● About this task: Restate the full listing word for word; images stay out of it.

● Records for this exercise:
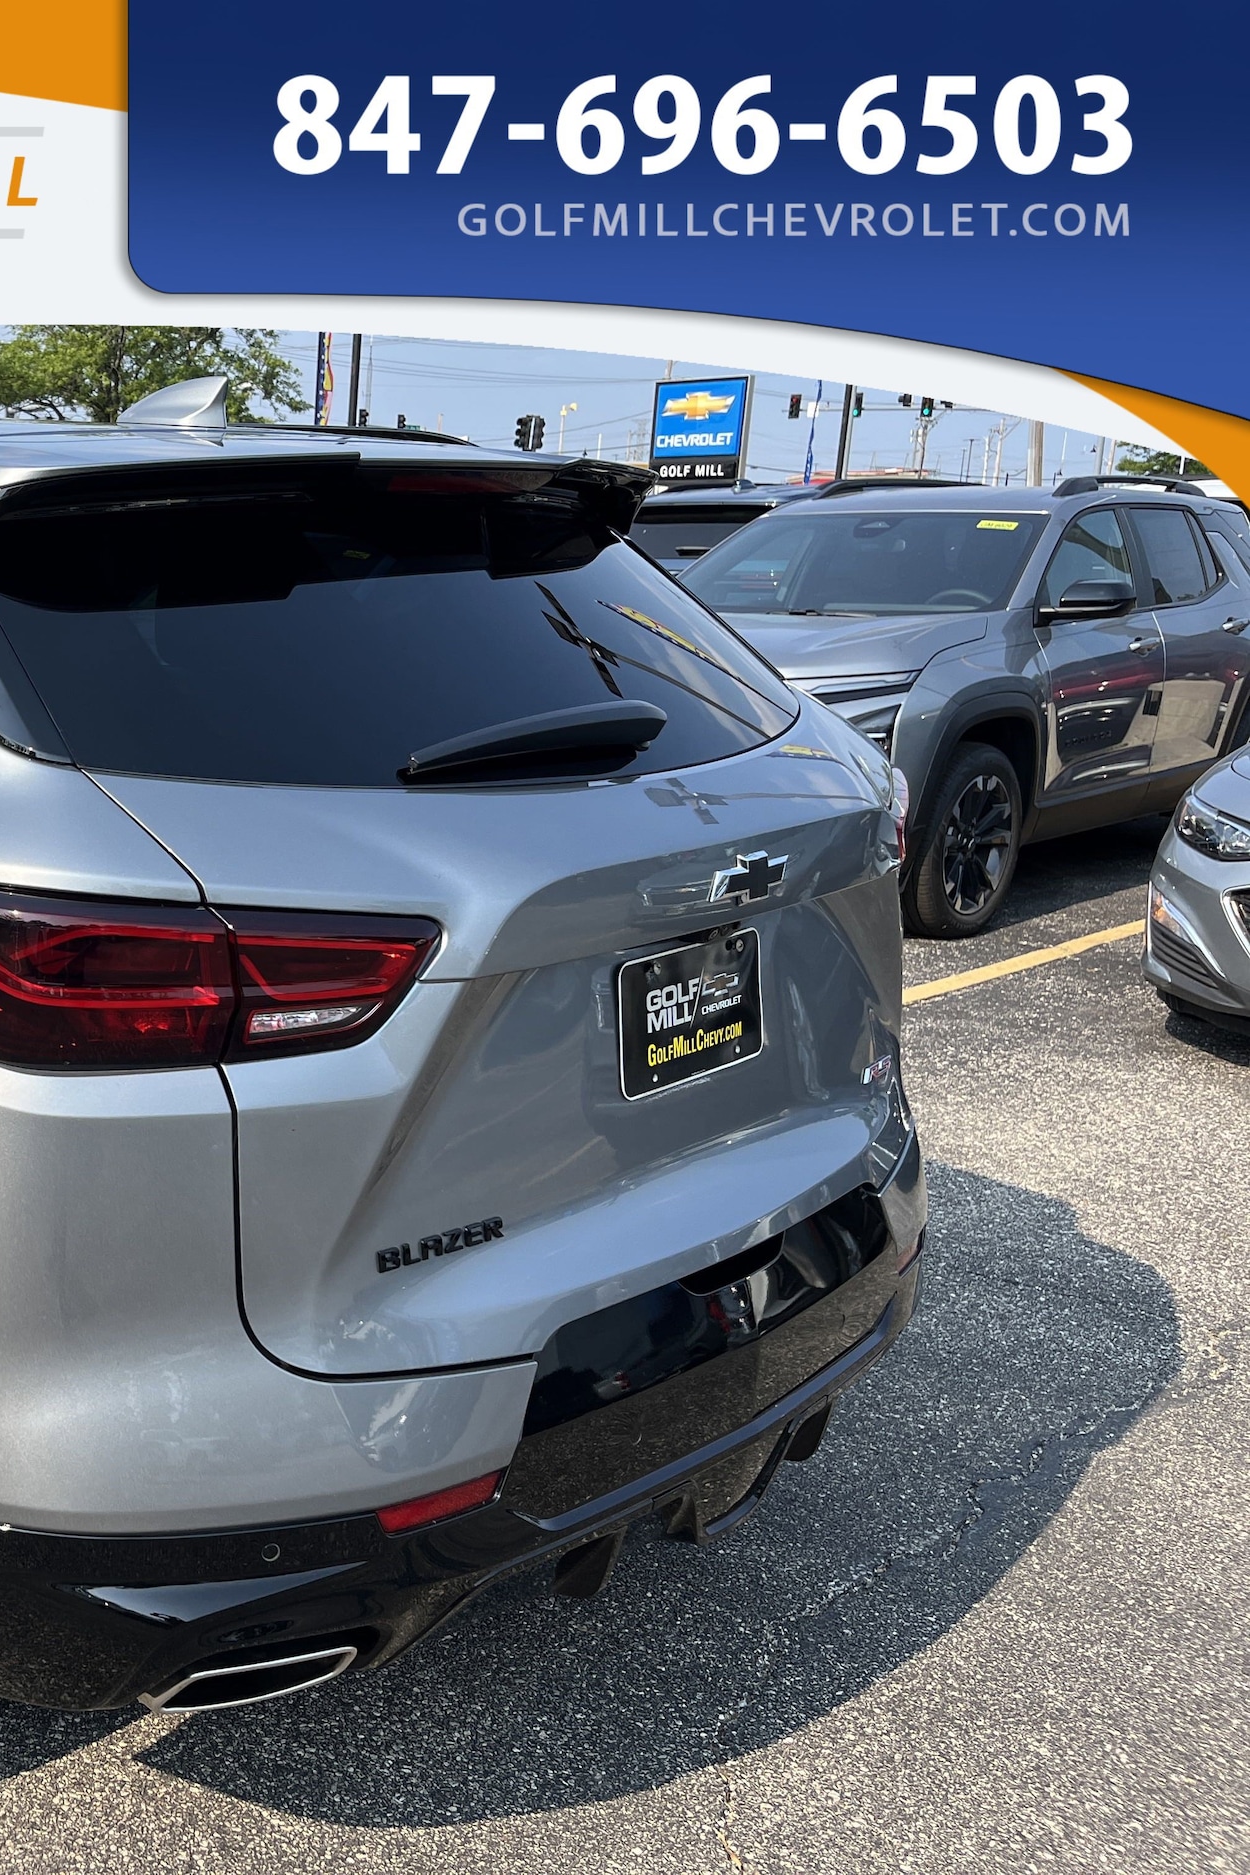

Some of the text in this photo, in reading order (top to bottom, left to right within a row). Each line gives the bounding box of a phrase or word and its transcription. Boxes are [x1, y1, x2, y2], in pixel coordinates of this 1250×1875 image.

[656, 432, 734, 448] CHEVROLET
[659, 463, 725, 478] GOLF MILL
[646, 977, 700, 1012] GOLF
[701, 994, 742, 1015] CHEVROLET
[647, 1002, 693, 1034] MILL
[376, 1216, 505, 1274] BLAZER
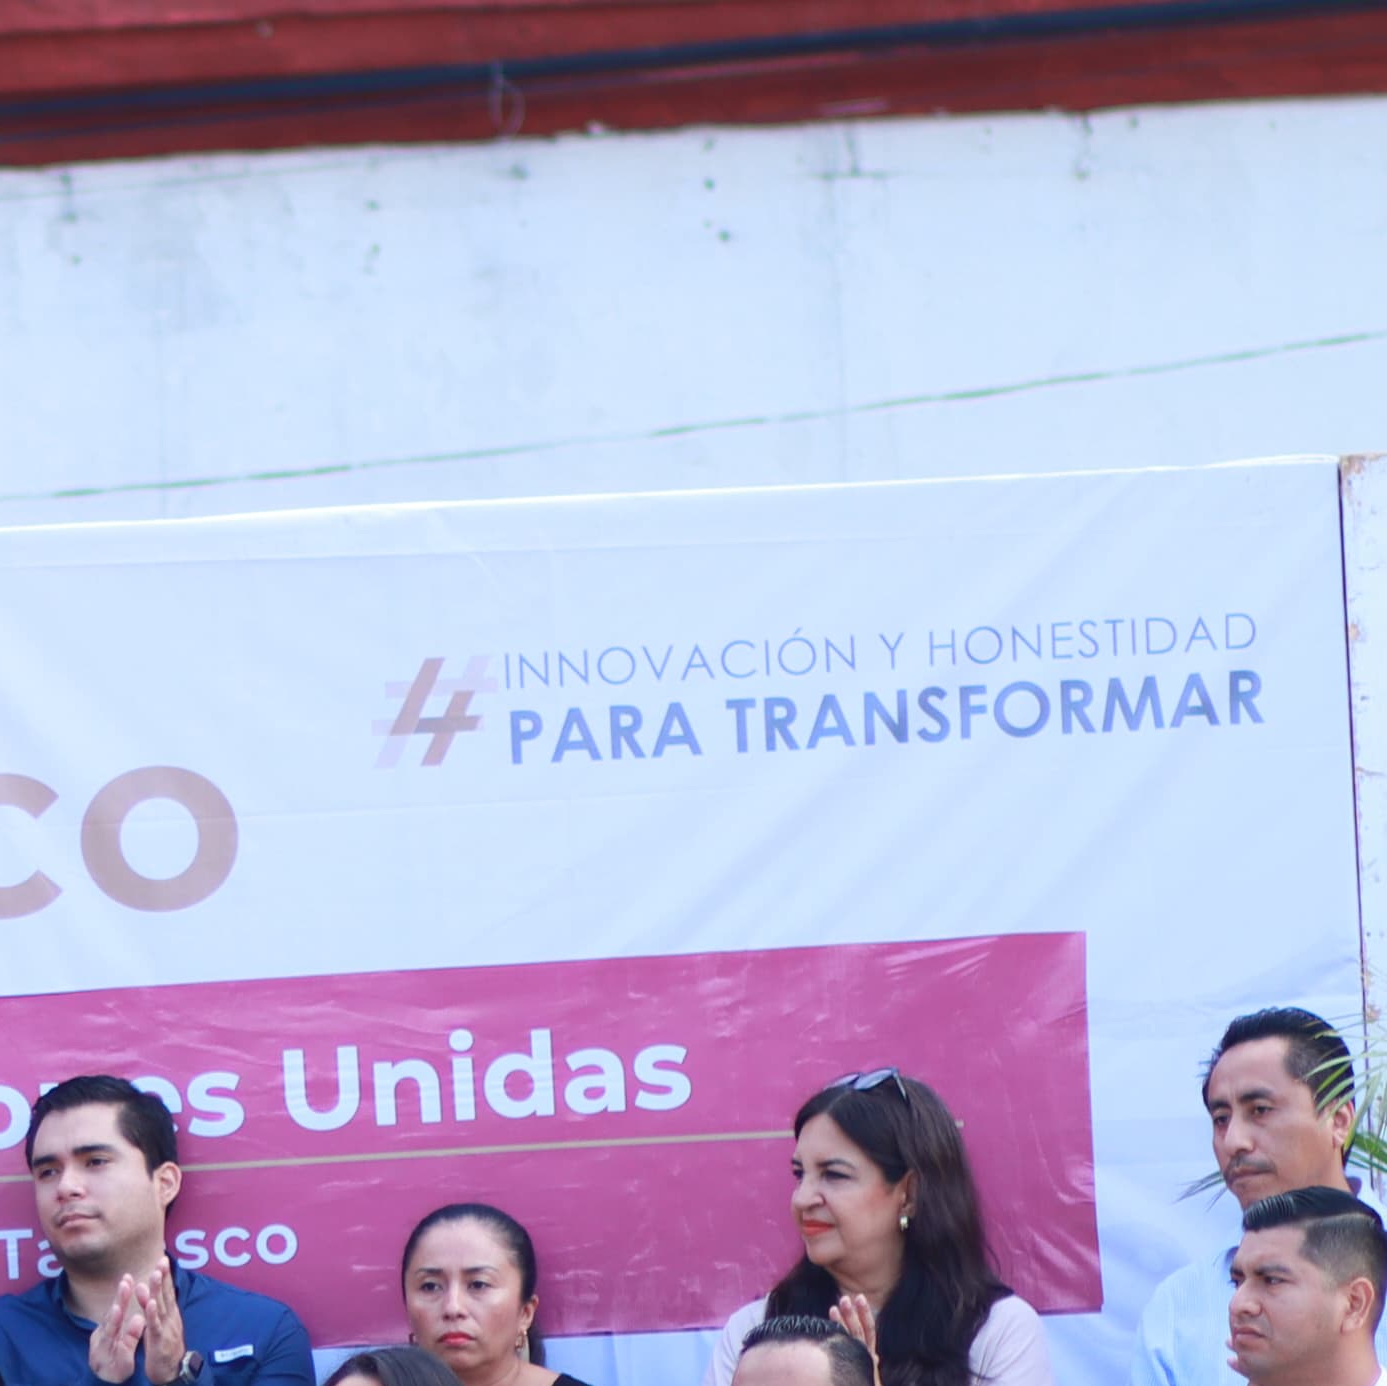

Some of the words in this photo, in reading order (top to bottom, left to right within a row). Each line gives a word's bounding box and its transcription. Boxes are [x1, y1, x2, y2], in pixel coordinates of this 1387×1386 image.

● Task answer:
Some of the text in this photo, in reading order (top to bottom, left to right within a row). Each line gives the bounding box of a phrase or word and its transcription. Boxes are [x1, y1, x2, y2], in pixel coordinates of this 1250×1875 image.

[656, 432, 734, 448] CHEVROLET
[659, 463, 725, 478] GOLF MILL
[646, 977, 700, 1012] GOLF
[701, 994, 742, 1015] CHEVROLET
[647, 1002, 693, 1034] MILL
[376, 1216, 505, 1274] BLAZER

Some of the words in this photo, in reading order (top to bottom, left to right within a row). Each line gives a word's bounding box and its transcription. Boxes are [x1, y1, x2, y2], in pixel coordinates of this 1387×1386 image.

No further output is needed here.